2 Samuel 1-2
Last week’s
readings ended with Saul taking his own life on Mount Gilboa. Today, we read
how David received that news. An Amalekite, that disreputable people we have been
bumping into since Exodus, appears at Ziklag and tells David, “Saul asked me to
finish him off and I did.” That conflicts with 1 Samuel 31. It is possible, I
suppose, that Saul had mortally wounded himself and that this Amalekite
administered the coup de grace. But more likely, he’s just a corpse-raider
who had the good fortune to stumble upon the body of the dead king. Now he's thinking
David will provide him a big reward. But David’s response is to have the man
executed and to compose a lament to Saul and Jonathan.
The lament
is beautiful. David coins the phrase, “How the mighty have fallen!” He mourns
that “the glory of Israel lies slain” (in the older translations; in the NIV it’s
‘a gazelle lies slain,’ not as poetic to me…).

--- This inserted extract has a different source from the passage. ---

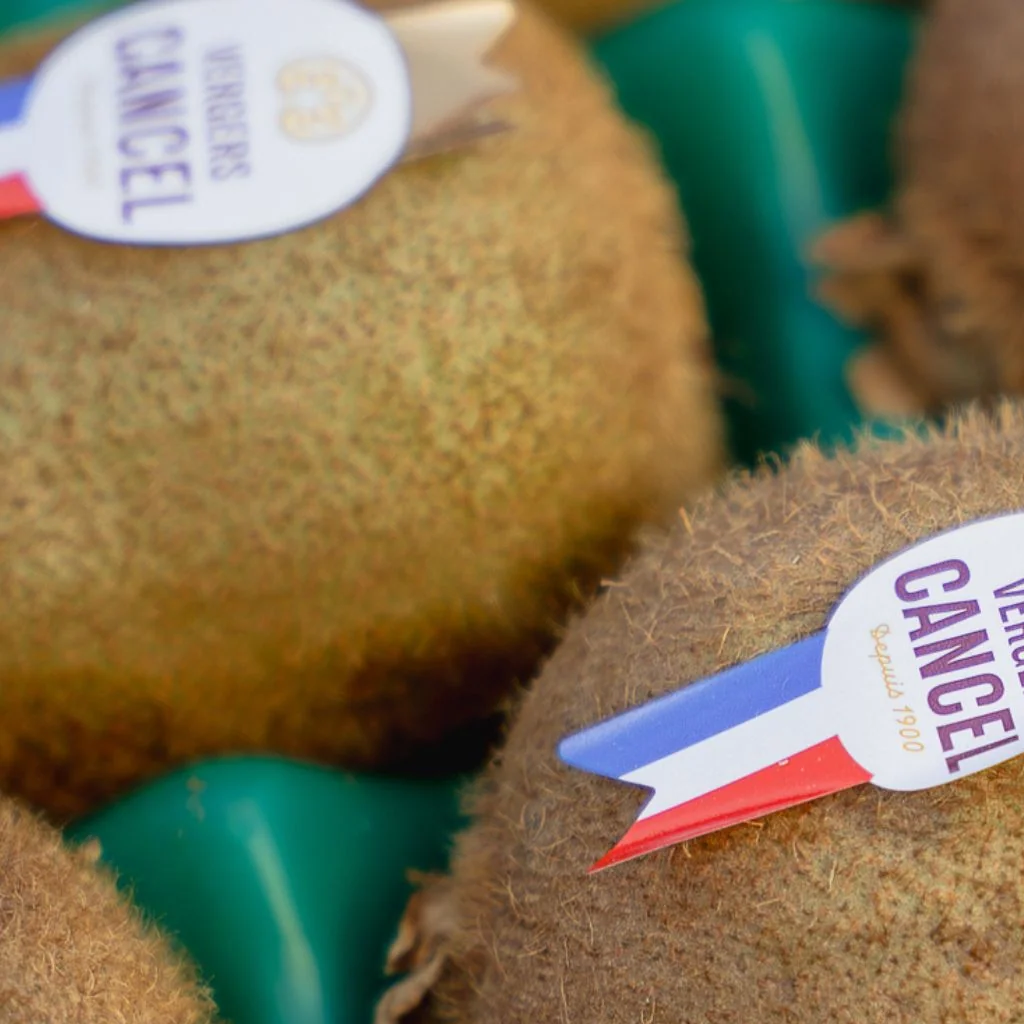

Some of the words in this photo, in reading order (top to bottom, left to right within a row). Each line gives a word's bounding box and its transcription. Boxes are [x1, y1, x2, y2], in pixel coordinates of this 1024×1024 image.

He eulogizes that they were
loved and admired, that Jonathan was to him like a brother.
Some
commentators want to make this look like only so much PR, that David is not
really sorry to see Saul go, because, honestly, this is good news for David.
But I think that misunderstands things. First, you can recognize that someone
else’s misfortune is good for you and still feel bad for the misfortune (for
example, someone with seniority on you at work quits for health reasons—you’re
next in line, but you still don’t wish debilitating sickness on anyone).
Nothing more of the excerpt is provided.